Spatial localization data

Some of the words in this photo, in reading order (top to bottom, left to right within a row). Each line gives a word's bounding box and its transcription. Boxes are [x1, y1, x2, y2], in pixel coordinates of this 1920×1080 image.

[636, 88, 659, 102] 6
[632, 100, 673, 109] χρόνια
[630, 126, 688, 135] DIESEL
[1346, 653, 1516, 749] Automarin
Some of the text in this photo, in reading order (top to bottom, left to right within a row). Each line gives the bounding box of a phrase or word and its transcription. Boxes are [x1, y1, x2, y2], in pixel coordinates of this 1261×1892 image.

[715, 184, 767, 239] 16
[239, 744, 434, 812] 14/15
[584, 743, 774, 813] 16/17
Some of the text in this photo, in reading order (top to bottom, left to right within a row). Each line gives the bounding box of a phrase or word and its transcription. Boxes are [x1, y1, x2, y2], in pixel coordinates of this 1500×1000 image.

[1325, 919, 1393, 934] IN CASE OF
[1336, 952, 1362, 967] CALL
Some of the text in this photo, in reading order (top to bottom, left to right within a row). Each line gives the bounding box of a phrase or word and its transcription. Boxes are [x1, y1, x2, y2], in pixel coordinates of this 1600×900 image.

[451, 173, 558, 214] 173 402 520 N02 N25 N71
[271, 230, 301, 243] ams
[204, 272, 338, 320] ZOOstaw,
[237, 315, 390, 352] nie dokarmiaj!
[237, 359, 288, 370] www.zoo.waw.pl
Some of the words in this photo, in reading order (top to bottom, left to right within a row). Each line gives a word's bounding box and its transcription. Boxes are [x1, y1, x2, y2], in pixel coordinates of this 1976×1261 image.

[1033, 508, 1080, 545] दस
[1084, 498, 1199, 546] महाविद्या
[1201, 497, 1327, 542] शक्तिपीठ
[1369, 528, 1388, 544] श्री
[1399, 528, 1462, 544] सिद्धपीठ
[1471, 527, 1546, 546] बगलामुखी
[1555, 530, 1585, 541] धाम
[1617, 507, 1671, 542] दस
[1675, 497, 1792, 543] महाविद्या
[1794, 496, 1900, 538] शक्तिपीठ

** PROBLEM TO WORK ON **
Output nothing but the lines from the one with "this 1976×1261 image." through the last line above, each exactly as it stands.

** TASK ANSWER **
Some of the words in this photo, in reading order (top to bottom, left to right within a row). Each line gives a word's bounding box and its transcription. Boxes are [x1, y1, x2, y2], in pixel coordinates of this 1976×1261 image.

[1033, 508, 1080, 545] दस
[1084, 498, 1199, 546] महाविद्या
[1201, 497, 1327, 542] शक्तिपीठ
[1369, 528, 1388, 544] श्री
[1399, 528, 1462, 544] सिद्धपीठ
[1471, 527, 1546, 546] बगलामुखी
[1555, 530, 1585, 541] धाम
[1617, 507, 1671, 542] दस
[1675, 497, 1792, 543] महाविद्या
[1794, 496, 1900, 538] शक्तिपीठ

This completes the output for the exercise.